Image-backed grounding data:
..............................
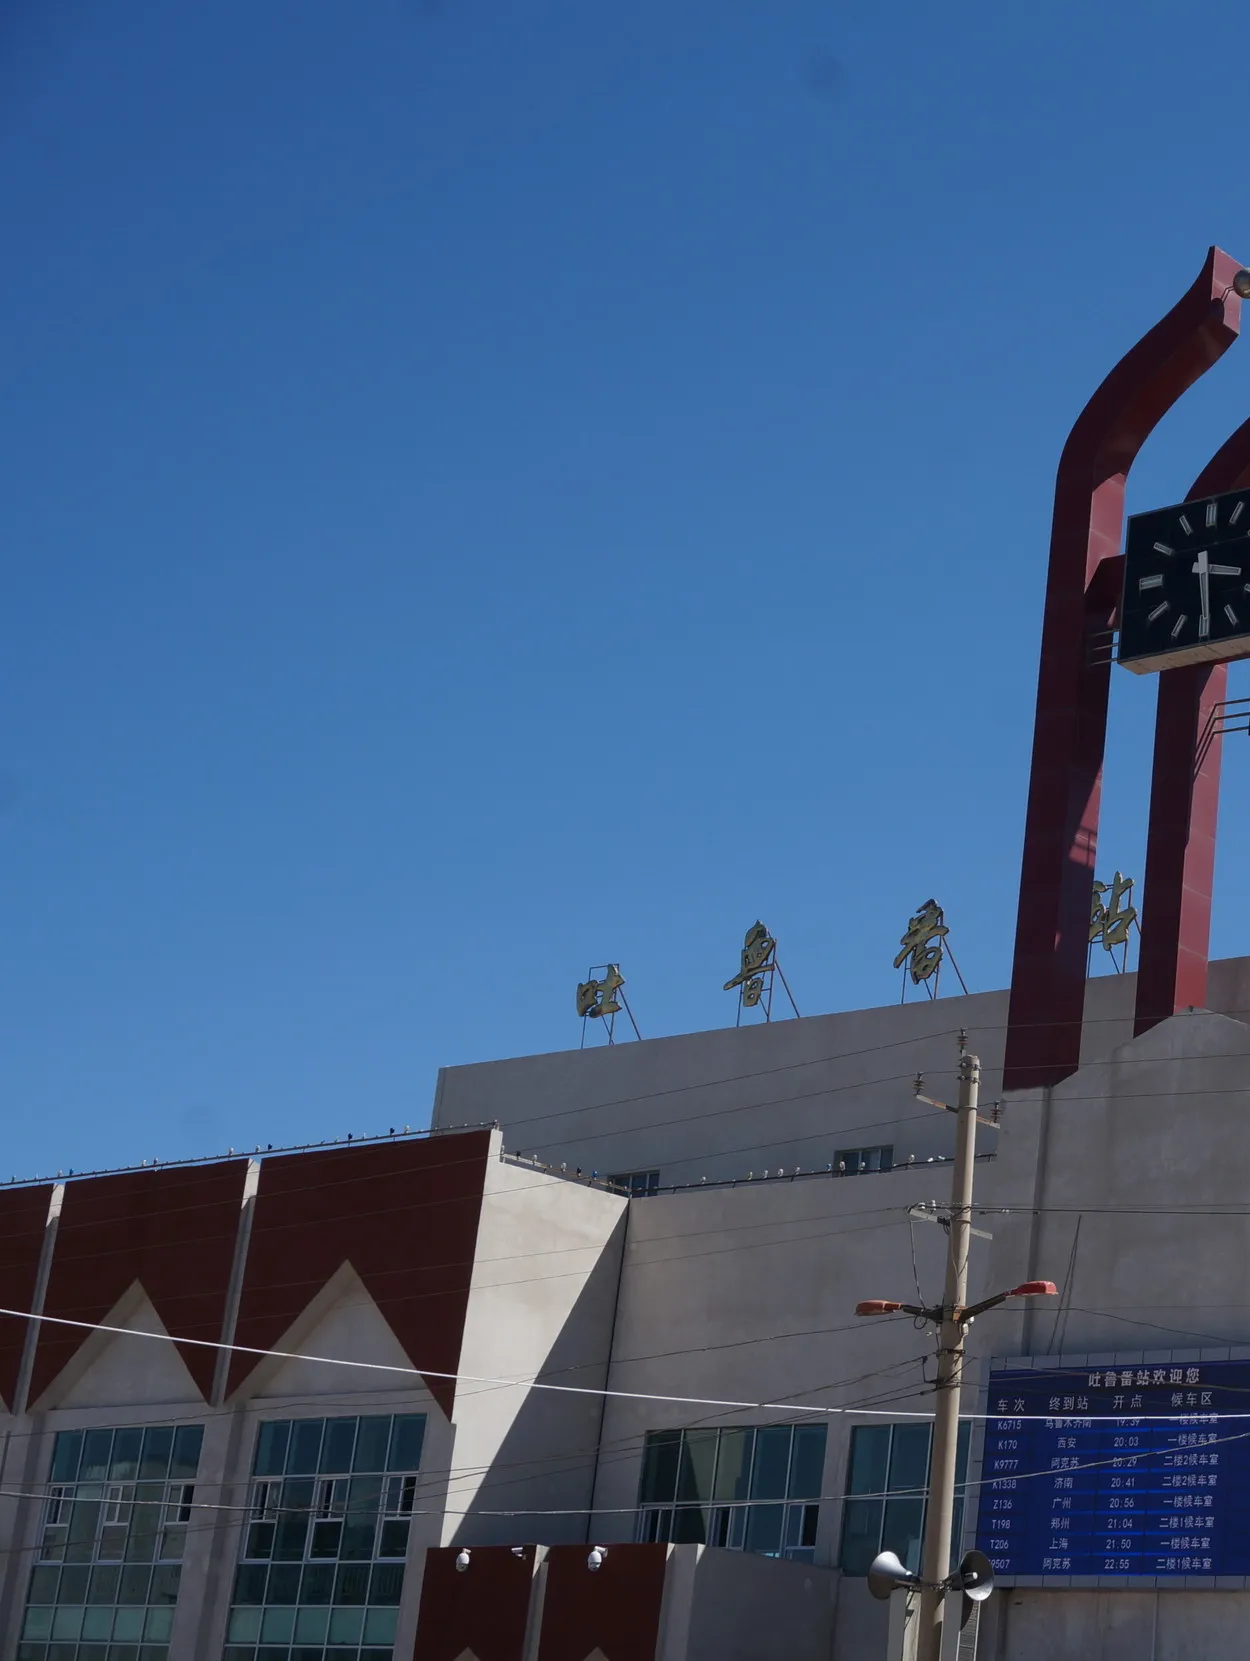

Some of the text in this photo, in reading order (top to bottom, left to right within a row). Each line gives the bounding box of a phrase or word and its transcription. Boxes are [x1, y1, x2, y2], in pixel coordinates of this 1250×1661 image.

[1088, 1367, 1200, 1388] 吐鲁番站欢迎您
[1049, 1395, 1089, 1411] 终到站
[1171, 1391, 1213, 1407] 候车区
[997, 1419, 1022, 1430] K6715
[998, 1439, 1018, 1450] K170
[1057, 1437, 1077, 1449] 西安
[1113, 1436, 1139, 1448] 20:03
[1167, 1433, 1218, 1446] 一楼候车室
[994, 1459, 1019, 1470] K9777
[1050, 1457, 1080, 1470] 阿克苏
[1163, 1453, 1219, 1467] 二楼2候车室
[1053, 1477, 1074, 1490] 济南
[1110, 1477, 1136, 1488] 20:41
[1162, 1474, 1218, 1487] 二楼2候车室
[992, 1499, 1013, 1510] Z136
[1052, 1497, 1072, 1509] 广州
[1109, 1497, 1135, 1509] 20:56
[1163, 1495, 1214, 1508] 一楼候车室
[991, 1519, 1011, 1530] T198
[1050, 1517, 1070, 1530] 郑州
[1107, 1518, 1133, 1529] 21:04
[990, 1539, 1010, 1550] T206
[1049, 1537, 1069, 1550] 上海
[1160, 1536, 1211, 1550] 一楼候车室
[988, 1559, 1011, 1569] 9507
[1042, 1557, 1072, 1570] 阿克苏
[1104, 1558, 1130, 1570] 22:55
..............................
Assigned task: Omitting the images, transcribe every record exactly.

Solution for this exercise:
Some of the text in this photo, in reading order (top to bottom, left to right within a row). Each line gives the bounding box of a phrase or word and its transcription. Boxes are [x1, y1, x2, y2], in pixel coordinates of this 1250×1661 image.

[1088, 1367, 1200, 1388] 吐鲁番站欢迎您
[1049, 1395, 1089, 1411] 终到站
[1171, 1391, 1213, 1407] 候车区
[997, 1419, 1022, 1430] K6715
[998, 1439, 1018, 1450] K170
[1057, 1437, 1077, 1449] 西安
[1113, 1436, 1139, 1448] 20:03
[1167, 1433, 1218, 1446] 一楼候车室
[994, 1459, 1019, 1470] K9777
[1050, 1457, 1080, 1470] 阿克苏
[1163, 1453, 1219, 1467] 二楼2候车室
[1053, 1477, 1074, 1490] 济南
[1110, 1477, 1136, 1488] 20:41
[1162, 1474, 1218, 1487] 二楼2候车室
[992, 1499, 1013, 1510] Z136
[1052, 1497, 1072, 1509] 广州
[1109, 1497, 1135, 1509] 20:56
[1163, 1495, 1214, 1508] 一楼候车室
[991, 1519, 1011, 1530] T198
[1050, 1517, 1070, 1530] 郑州
[1107, 1518, 1133, 1529] 21:04
[990, 1539, 1010, 1550] T206
[1049, 1537, 1069, 1550] 上海
[1160, 1536, 1211, 1550] 一楼候车室
[988, 1559, 1011, 1569] 9507
[1042, 1557, 1072, 1570] 阿克苏
[1104, 1558, 1130, 1570] 22:55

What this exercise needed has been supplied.